Whenever the string "words" appears in a line below, please copy the line out.

WORKING DATA ->
--*--
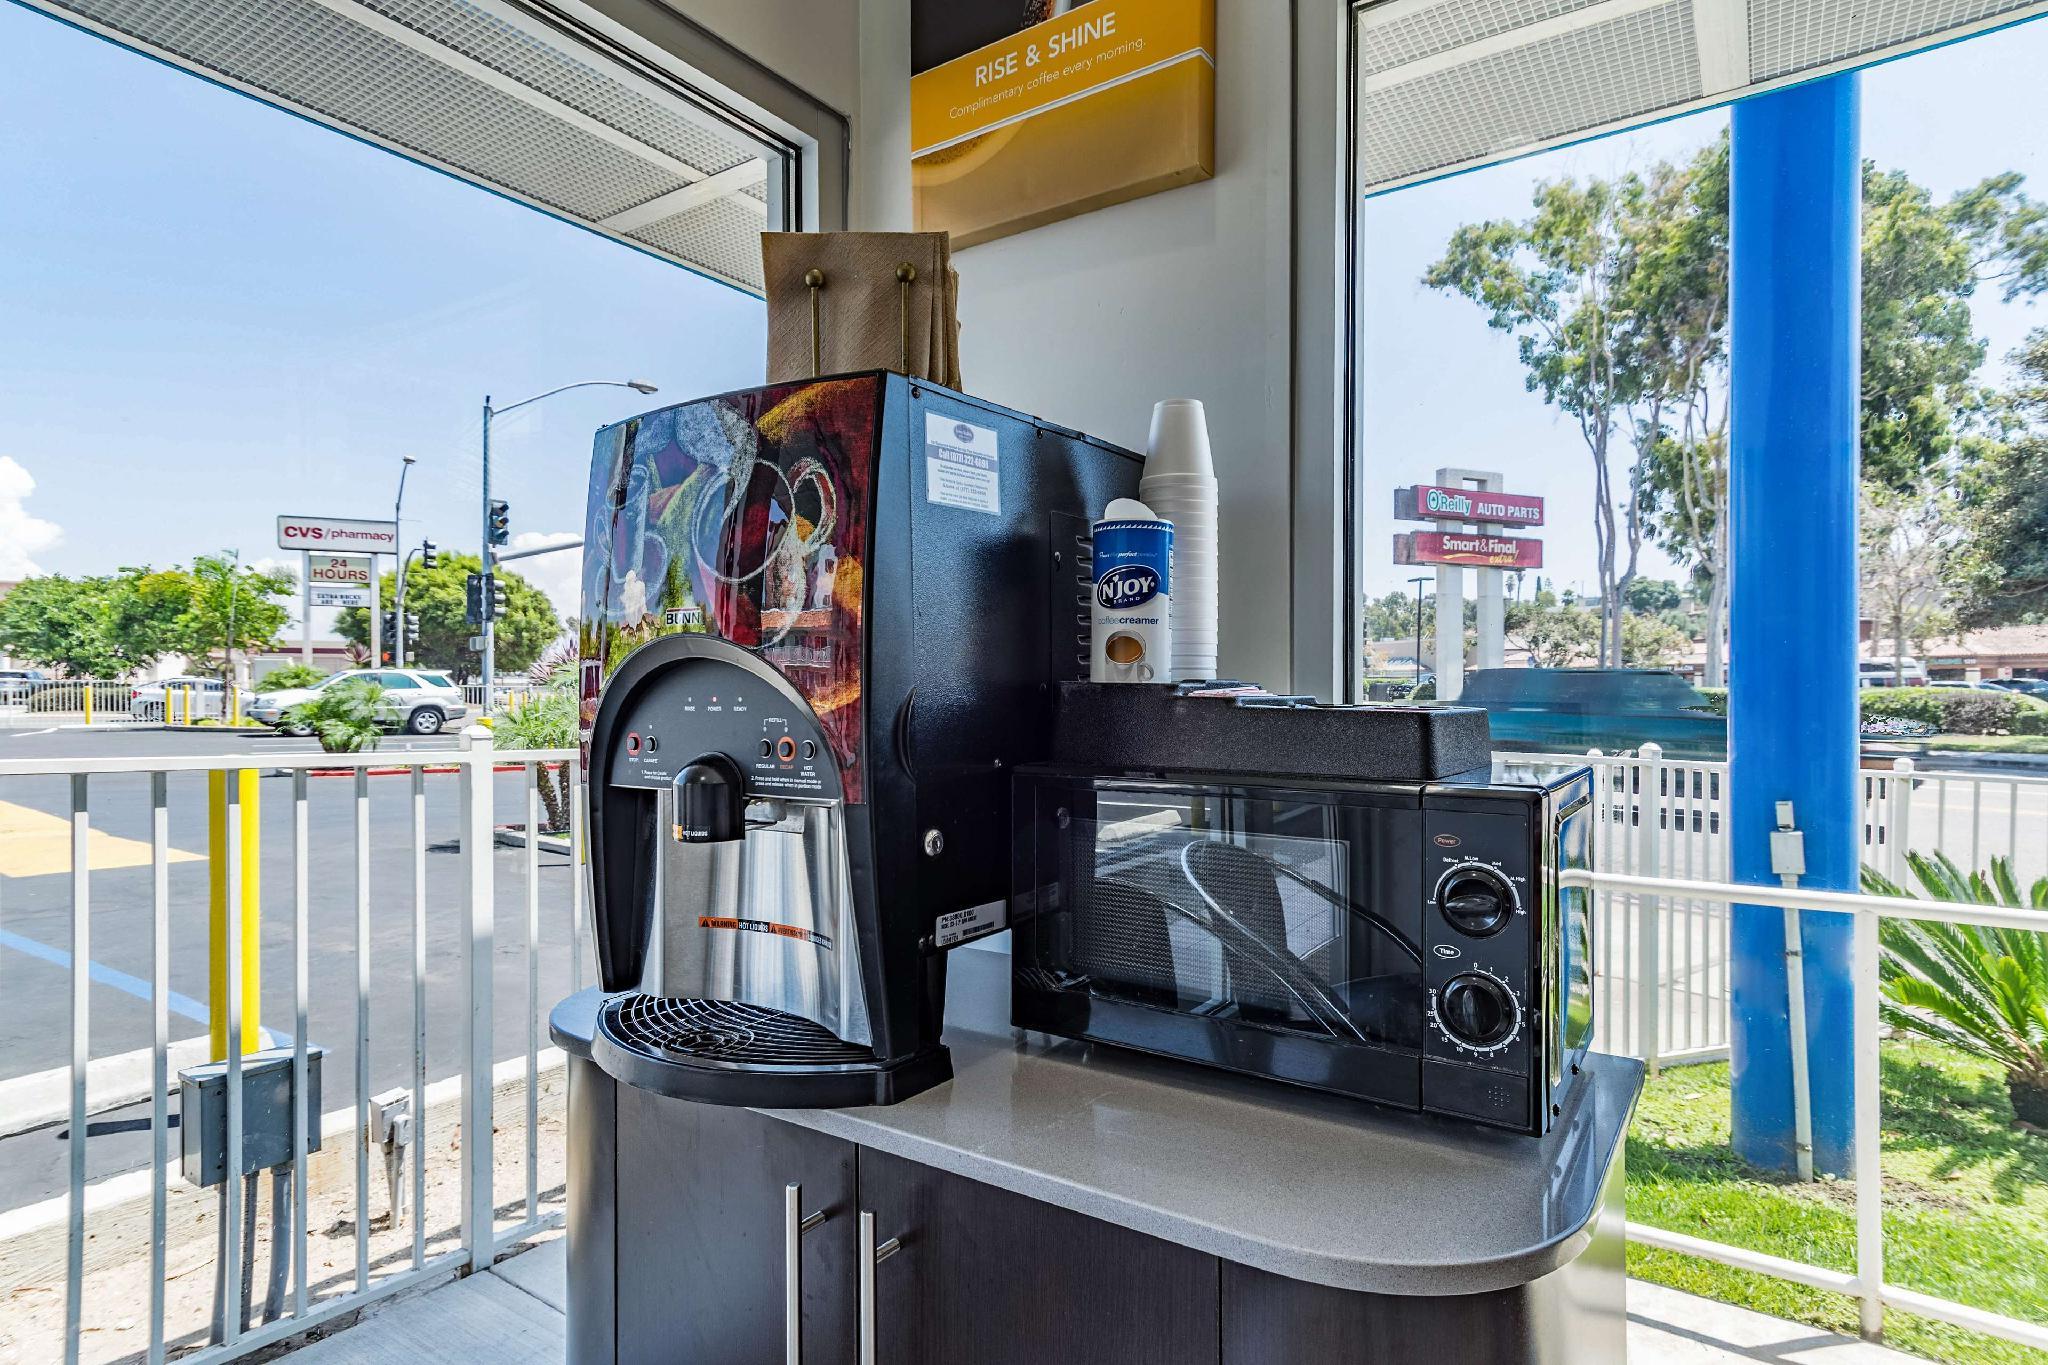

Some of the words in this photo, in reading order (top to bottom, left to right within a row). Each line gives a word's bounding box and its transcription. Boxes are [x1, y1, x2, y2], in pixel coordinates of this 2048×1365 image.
--*--
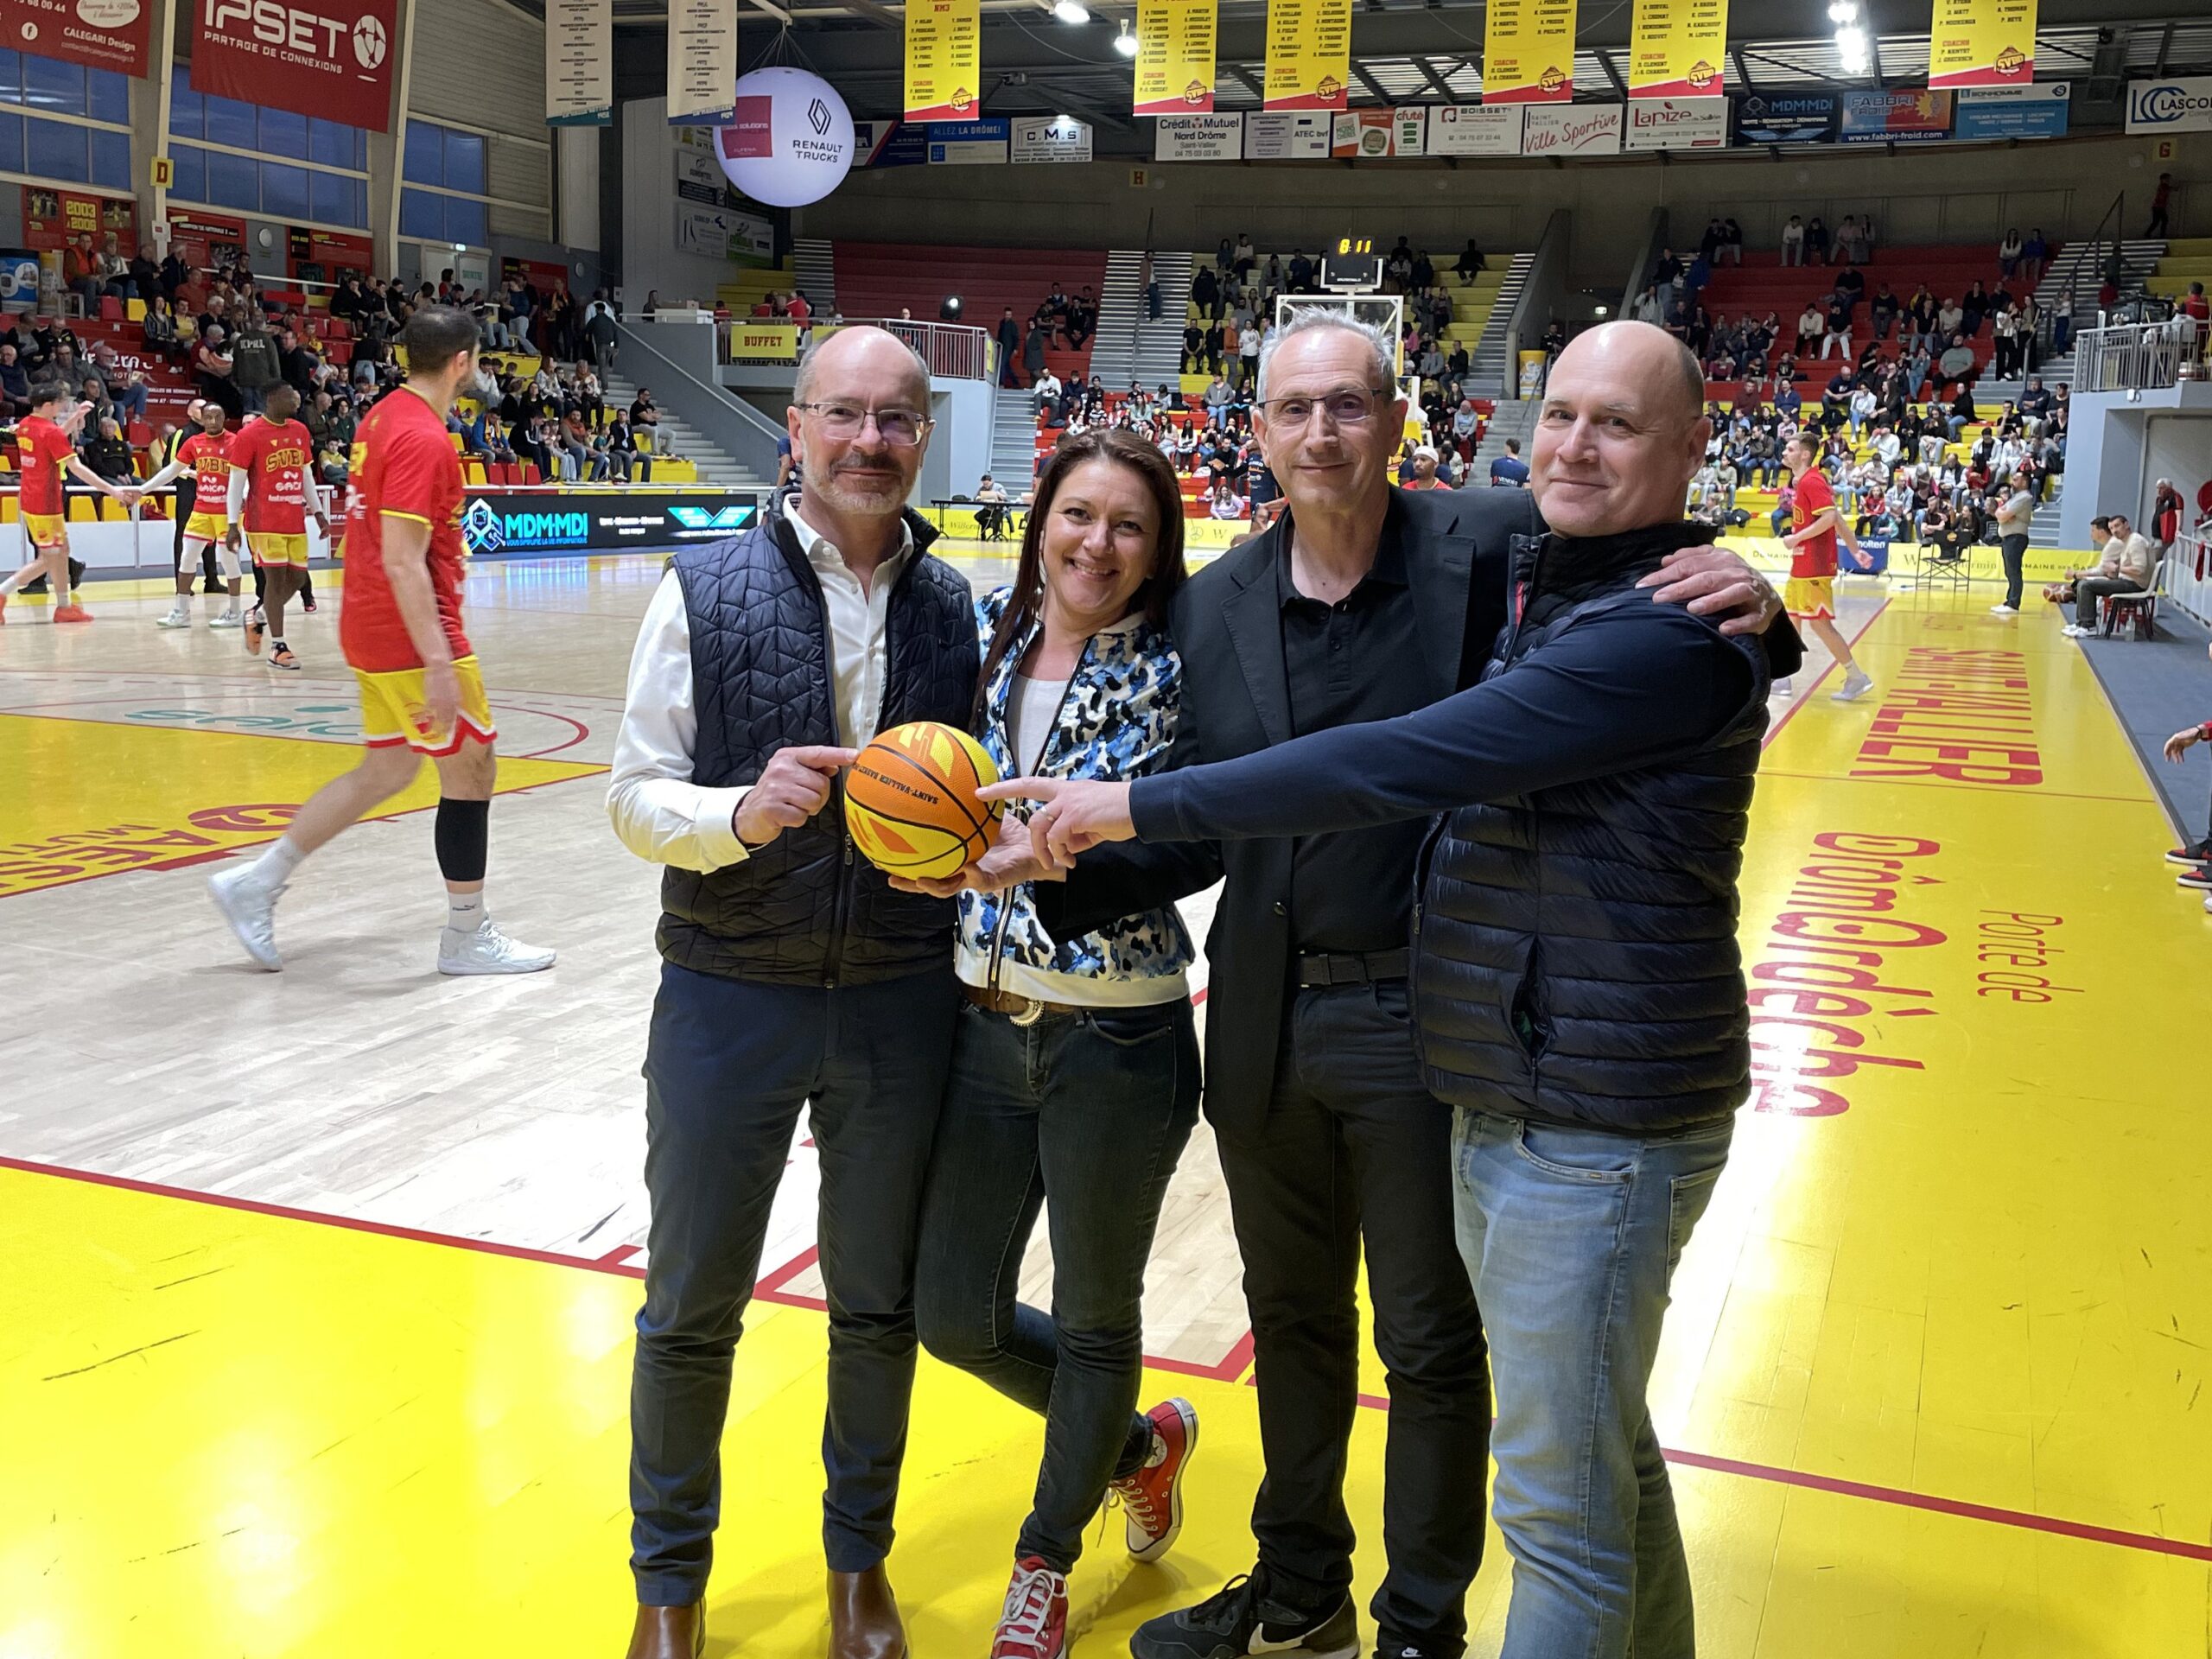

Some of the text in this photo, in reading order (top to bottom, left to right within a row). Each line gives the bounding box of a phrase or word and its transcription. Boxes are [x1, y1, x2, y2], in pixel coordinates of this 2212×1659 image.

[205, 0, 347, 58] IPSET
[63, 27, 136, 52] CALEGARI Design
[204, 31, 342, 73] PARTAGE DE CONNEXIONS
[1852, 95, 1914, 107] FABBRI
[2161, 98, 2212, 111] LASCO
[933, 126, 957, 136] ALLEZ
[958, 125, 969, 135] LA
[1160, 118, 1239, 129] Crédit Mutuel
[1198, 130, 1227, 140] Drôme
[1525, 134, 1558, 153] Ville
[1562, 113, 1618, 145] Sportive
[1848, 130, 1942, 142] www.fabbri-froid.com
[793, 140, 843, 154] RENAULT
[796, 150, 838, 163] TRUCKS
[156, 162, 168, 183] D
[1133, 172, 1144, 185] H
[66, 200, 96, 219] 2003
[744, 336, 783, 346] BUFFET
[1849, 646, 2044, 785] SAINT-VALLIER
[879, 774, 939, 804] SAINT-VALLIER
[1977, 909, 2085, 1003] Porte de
--*--
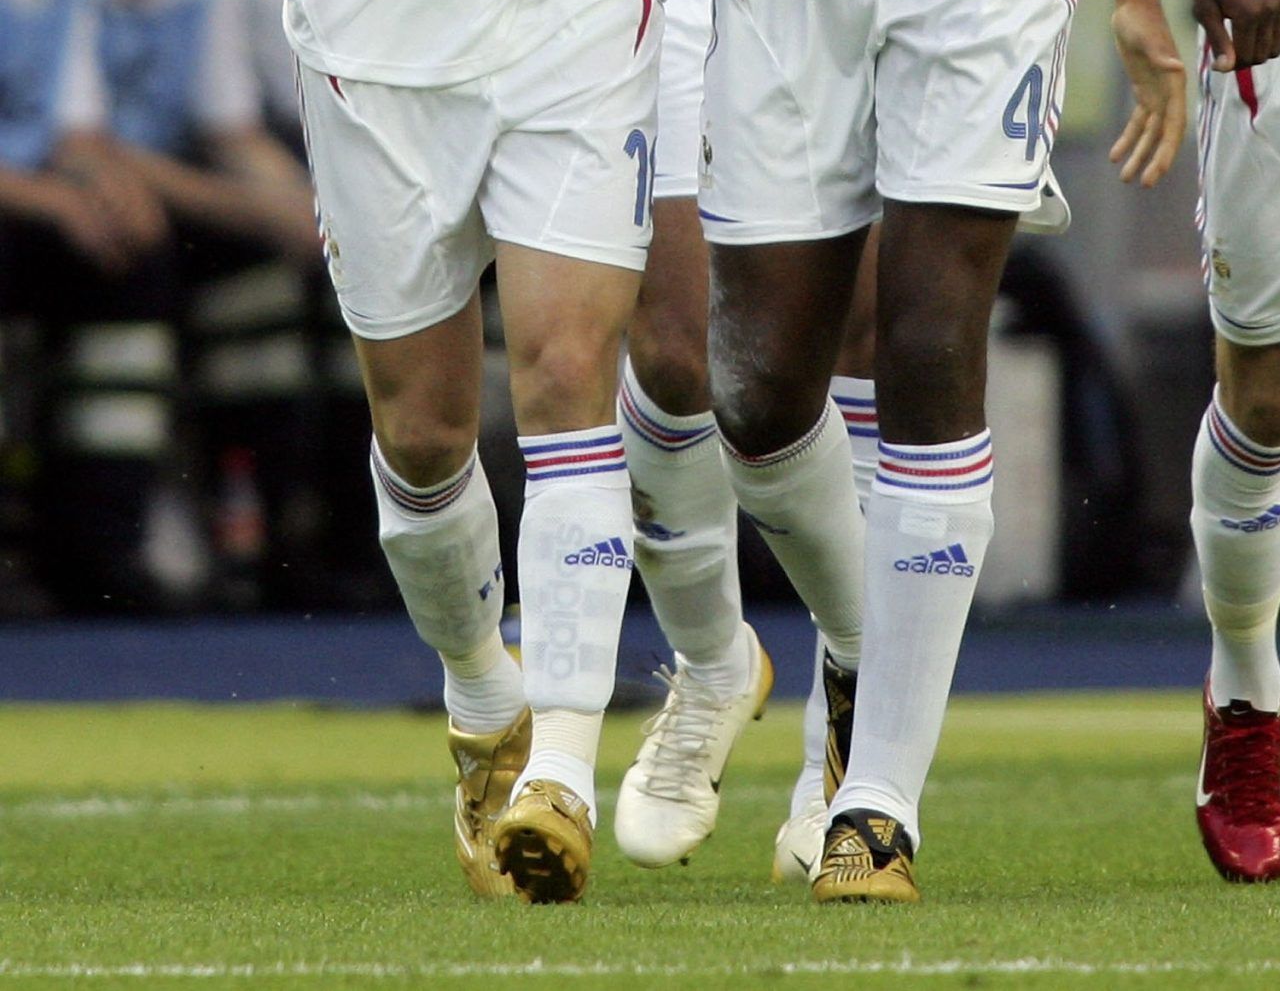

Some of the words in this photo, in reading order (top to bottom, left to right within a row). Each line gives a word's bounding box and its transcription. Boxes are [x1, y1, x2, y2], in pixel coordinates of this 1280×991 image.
--*--
TASK ANSWER ->
Some of the words in this photo, in reading order (top to bottom, left to right within a row). Each line gives a word's bounding box and its transcription. Boxes are [x1, y1, x2, y2], in pixel coordinates of this 2048×1365 image.
Some of the words in this photo, in reading order (top to bottom, left to right within a row). Each line gives a word's bounding box and its transcription. Boxes are [x1, y1, x2, y2], in pixel coordinates of this 1280×991 image.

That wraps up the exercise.